| Assigned task |
Reproduce each record below in full, word for word, without images.

| Data for this exercise |
---*---
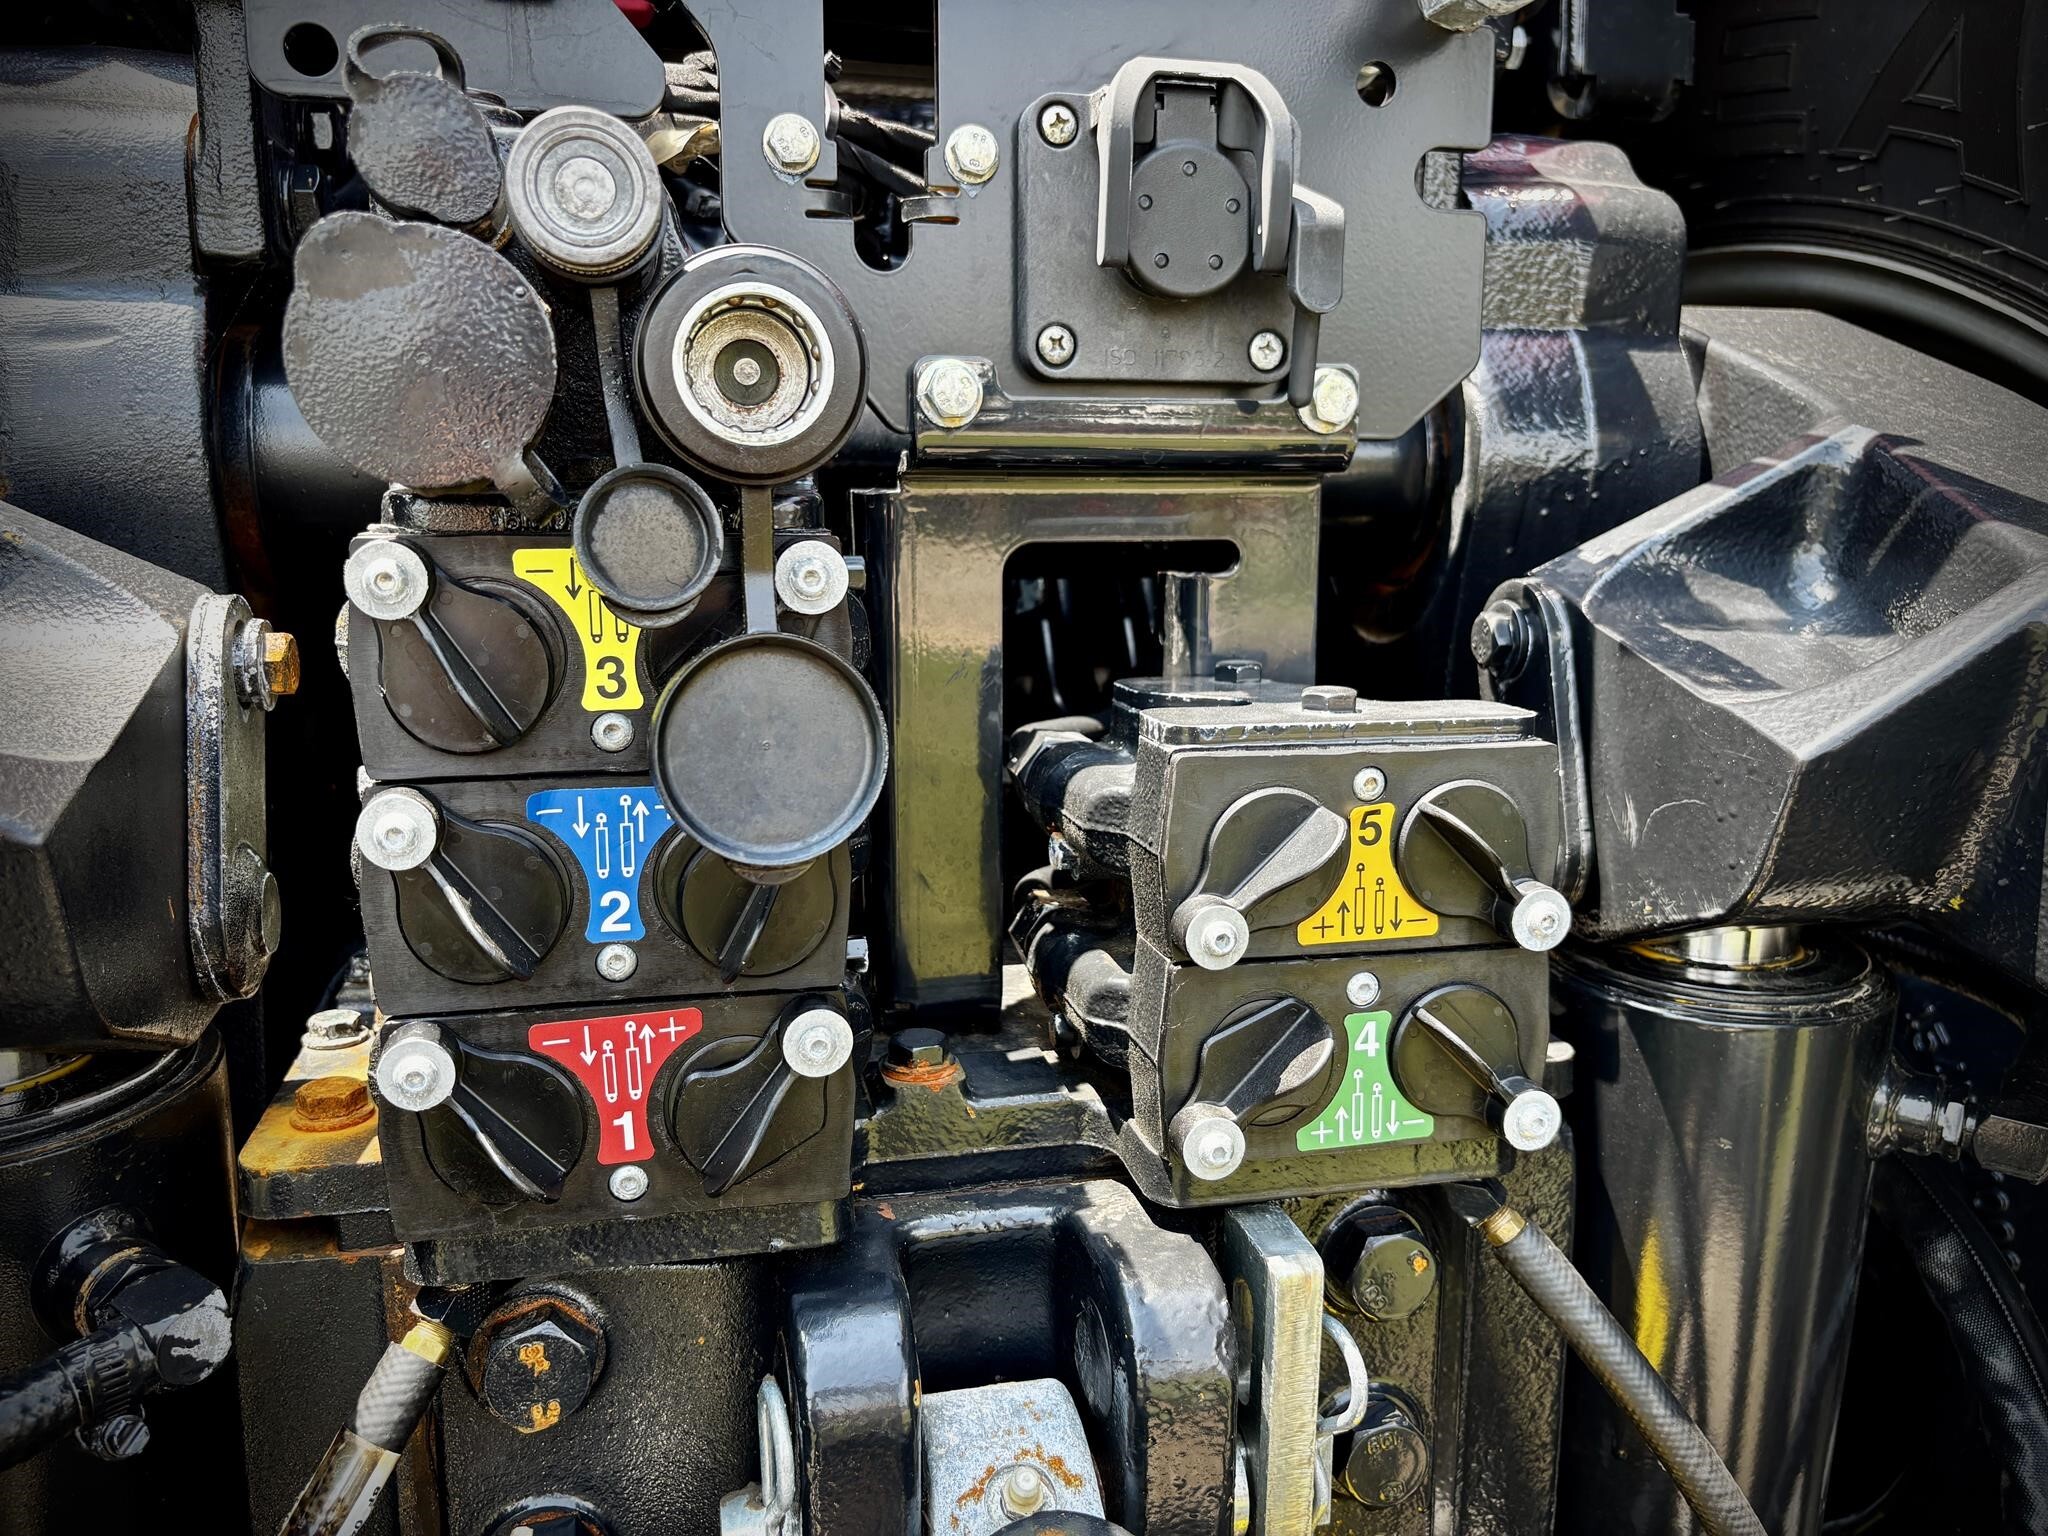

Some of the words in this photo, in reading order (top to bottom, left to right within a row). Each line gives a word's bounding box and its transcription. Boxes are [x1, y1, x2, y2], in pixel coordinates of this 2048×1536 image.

[596, 656, 627, 699] 3
[1358, 809, 1382, 846] 5
[599, 891, 631, 933] 2
[1354, 1021, 1380, 1057] 4
[613, 1111, 635, 1151] 1
---*---
| Reply |
Some of the words in this photo, in reading order (top to bottom, left to right within a row). Each line gives a word's bounding box and its transcription. Boxes are [x1, y1, x2, y2], in pixel coordinates of this 2048×1536 image.

[596, 656, 627, 699] 3
[1358, 809, 1382, 846] 5
[599, 891, 631, 933] 2
[1354, 1021, 1380, 1057] 4
[613, 1111, 635, 1151] 1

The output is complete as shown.